START Data to examine

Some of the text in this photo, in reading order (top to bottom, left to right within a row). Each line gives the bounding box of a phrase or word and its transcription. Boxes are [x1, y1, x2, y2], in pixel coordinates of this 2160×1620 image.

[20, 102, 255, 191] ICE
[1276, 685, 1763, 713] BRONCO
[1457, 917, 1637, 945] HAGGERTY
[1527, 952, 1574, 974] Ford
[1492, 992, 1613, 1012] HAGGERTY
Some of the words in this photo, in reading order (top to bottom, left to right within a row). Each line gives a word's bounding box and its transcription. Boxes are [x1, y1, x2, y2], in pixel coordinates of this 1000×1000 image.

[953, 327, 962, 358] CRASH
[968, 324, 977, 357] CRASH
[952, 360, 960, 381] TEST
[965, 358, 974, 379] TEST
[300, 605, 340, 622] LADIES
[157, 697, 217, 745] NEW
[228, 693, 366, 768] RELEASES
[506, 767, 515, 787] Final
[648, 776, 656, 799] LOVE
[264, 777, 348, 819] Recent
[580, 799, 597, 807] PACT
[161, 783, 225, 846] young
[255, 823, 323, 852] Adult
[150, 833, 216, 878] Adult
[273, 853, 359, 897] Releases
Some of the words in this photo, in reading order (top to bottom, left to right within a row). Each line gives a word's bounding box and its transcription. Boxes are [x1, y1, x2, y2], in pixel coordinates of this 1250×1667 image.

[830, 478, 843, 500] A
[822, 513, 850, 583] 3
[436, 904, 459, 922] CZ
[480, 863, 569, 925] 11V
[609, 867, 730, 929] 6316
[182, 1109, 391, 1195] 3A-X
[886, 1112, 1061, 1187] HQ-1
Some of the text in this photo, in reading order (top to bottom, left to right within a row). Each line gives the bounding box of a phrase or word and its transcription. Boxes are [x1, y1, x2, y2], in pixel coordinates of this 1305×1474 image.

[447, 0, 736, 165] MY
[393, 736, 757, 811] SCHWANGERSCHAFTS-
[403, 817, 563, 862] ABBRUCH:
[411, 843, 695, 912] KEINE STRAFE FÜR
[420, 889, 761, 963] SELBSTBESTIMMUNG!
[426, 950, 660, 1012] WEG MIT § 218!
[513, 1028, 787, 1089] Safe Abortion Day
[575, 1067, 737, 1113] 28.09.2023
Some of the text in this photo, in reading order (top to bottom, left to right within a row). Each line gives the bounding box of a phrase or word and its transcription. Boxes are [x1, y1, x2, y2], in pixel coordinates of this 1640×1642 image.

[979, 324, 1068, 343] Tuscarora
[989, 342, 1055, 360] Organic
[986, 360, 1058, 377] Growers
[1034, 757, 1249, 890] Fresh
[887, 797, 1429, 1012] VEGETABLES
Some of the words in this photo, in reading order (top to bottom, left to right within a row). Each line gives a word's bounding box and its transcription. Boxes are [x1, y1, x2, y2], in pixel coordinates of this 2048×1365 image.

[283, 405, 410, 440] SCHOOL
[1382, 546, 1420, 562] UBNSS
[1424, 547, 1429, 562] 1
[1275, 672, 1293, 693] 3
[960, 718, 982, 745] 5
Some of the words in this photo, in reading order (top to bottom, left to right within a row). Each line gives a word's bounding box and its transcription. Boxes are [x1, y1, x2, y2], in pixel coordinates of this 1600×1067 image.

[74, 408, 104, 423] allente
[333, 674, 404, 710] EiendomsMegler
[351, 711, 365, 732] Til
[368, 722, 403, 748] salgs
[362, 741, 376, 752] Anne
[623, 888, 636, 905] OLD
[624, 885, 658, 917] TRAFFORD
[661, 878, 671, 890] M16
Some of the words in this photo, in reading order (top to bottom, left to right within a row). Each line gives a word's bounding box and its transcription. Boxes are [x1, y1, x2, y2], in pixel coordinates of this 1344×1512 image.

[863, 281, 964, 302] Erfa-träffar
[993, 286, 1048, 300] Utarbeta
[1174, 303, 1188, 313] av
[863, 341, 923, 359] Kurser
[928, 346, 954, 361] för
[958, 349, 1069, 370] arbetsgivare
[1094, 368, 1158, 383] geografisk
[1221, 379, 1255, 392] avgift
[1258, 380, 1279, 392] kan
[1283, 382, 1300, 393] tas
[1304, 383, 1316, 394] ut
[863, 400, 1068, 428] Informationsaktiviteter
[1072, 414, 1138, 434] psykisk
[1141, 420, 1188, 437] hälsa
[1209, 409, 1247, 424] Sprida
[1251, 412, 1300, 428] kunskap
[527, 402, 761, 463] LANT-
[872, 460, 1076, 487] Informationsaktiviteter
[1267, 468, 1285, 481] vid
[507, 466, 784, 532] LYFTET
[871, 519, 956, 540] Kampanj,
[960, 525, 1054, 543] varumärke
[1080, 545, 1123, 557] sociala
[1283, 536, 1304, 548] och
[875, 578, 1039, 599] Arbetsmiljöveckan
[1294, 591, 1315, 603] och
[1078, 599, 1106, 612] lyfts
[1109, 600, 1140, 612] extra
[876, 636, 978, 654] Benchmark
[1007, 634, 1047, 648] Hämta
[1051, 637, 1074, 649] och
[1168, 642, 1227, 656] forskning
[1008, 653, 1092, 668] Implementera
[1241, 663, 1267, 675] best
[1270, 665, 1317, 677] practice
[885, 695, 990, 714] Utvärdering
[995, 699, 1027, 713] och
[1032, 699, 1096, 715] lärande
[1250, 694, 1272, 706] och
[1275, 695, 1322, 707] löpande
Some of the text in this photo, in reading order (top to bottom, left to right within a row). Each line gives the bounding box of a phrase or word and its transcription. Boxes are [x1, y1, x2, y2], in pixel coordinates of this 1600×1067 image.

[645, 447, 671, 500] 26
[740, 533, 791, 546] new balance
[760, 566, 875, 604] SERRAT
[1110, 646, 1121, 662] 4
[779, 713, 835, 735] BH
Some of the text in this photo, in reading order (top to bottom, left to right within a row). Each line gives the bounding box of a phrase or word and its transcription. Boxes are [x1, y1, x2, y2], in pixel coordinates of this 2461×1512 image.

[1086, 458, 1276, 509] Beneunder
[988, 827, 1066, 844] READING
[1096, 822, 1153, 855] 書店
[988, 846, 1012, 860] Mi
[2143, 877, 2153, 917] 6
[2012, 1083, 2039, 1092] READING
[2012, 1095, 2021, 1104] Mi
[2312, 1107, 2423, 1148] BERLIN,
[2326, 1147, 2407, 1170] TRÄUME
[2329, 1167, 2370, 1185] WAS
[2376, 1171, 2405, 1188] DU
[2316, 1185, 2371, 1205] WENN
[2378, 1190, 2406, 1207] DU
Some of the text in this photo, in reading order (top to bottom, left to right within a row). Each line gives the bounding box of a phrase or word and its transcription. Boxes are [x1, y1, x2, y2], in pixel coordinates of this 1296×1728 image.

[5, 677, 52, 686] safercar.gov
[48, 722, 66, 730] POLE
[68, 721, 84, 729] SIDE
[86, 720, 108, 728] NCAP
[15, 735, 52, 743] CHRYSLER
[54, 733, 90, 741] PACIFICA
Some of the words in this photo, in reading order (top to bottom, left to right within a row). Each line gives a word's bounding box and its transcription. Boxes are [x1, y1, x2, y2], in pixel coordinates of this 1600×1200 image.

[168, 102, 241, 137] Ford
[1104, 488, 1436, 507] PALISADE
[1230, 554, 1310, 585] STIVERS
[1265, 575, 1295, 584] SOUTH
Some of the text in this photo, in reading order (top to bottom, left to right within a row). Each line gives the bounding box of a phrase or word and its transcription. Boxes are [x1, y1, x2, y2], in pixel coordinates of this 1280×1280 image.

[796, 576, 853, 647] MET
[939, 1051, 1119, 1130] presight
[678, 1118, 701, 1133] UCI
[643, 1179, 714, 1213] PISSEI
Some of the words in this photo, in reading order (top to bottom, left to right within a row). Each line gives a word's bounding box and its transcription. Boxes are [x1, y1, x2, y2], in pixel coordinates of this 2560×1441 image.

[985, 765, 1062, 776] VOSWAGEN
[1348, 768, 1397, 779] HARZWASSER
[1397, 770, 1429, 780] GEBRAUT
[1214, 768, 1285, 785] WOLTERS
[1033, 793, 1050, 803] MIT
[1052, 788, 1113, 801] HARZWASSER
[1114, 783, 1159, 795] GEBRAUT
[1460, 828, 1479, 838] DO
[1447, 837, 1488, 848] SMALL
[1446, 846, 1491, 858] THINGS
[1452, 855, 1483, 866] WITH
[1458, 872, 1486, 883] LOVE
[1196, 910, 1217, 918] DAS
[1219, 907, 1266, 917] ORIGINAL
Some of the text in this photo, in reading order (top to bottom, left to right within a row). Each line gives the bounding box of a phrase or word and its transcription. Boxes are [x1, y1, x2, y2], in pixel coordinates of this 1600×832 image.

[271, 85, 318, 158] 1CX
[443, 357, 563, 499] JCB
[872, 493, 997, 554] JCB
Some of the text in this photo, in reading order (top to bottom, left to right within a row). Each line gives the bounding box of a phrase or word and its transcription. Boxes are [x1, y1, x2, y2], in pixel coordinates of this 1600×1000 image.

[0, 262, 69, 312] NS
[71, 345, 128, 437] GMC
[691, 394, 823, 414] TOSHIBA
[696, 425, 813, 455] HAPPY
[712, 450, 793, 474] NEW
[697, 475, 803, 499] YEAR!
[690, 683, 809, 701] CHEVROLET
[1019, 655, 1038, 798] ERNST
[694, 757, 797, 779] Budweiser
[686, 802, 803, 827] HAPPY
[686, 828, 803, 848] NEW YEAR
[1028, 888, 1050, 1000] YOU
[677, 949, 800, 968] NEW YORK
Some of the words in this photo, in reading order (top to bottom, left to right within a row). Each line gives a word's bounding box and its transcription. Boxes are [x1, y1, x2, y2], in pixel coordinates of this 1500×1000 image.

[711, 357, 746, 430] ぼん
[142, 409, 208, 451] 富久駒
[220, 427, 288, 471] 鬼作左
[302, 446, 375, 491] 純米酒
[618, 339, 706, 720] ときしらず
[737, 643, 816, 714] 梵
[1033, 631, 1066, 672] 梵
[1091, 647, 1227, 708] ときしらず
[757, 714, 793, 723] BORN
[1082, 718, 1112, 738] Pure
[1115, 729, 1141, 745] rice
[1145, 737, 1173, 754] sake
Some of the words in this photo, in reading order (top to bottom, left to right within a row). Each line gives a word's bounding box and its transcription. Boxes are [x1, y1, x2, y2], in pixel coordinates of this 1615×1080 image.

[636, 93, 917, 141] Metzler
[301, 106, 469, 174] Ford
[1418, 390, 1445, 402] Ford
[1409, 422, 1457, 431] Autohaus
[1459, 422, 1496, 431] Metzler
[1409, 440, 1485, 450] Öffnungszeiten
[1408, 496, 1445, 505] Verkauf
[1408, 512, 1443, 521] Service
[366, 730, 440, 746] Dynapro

END Data to examine

Give back, exactly and with nothing added, the lines from the line containing "this 1500×1000 image." through the final line of the records above, both of them included.

◆ Result of the task ◆
Some of the words in this photo, in reading order (top to bottom, left to right within a row). Each line gives a word's bounding box and its transcription. Boxes are [x1, y1, x2, y2], in pixel coordinates of this 1500×1000 image.

[711, 357, 746, 430] ぼん
[142, 409, 208, 451] 富久駒
[220, 427, 288, 471] 鬼作左
[302, 446, 375, 491] 純米酒
[618, 339, 706, 720] ときしらず
[737, 643, 816, 714] 梵
[1033, 631, 1066, 672] 梵
[1091, 647, 1227, 708] ときしらず
[757, 714, 793, 723] BORN
[1082, 718, 1112, 738] Pure
[1115, 729, 1141, 745] rice
[1145, 737, 1173, 754] sake
Some of the words in this photo, in reading order (top to bottom, left to right within a row). Each line gives a word's bounding box and its transcription. Boxes are [x1, y1, x2, y2], in pixel coordinates of this 1615×1080 image.

[636, 93, 917, 141] Metzler
[301, 106, 469, 174] Ford
[1418, 390, 1445, 402] Ford
[1409, 422, 1457, 431] Autohaus
[1459, 422, 1496, 431] Metzler
[1409, 440, 1485, 450] Öffnungszeiten
[1408, 496, 1445, 505] Verkauf
[1408, 512, 1443, 521] Service
[366, 730, 440, 746] Dynapro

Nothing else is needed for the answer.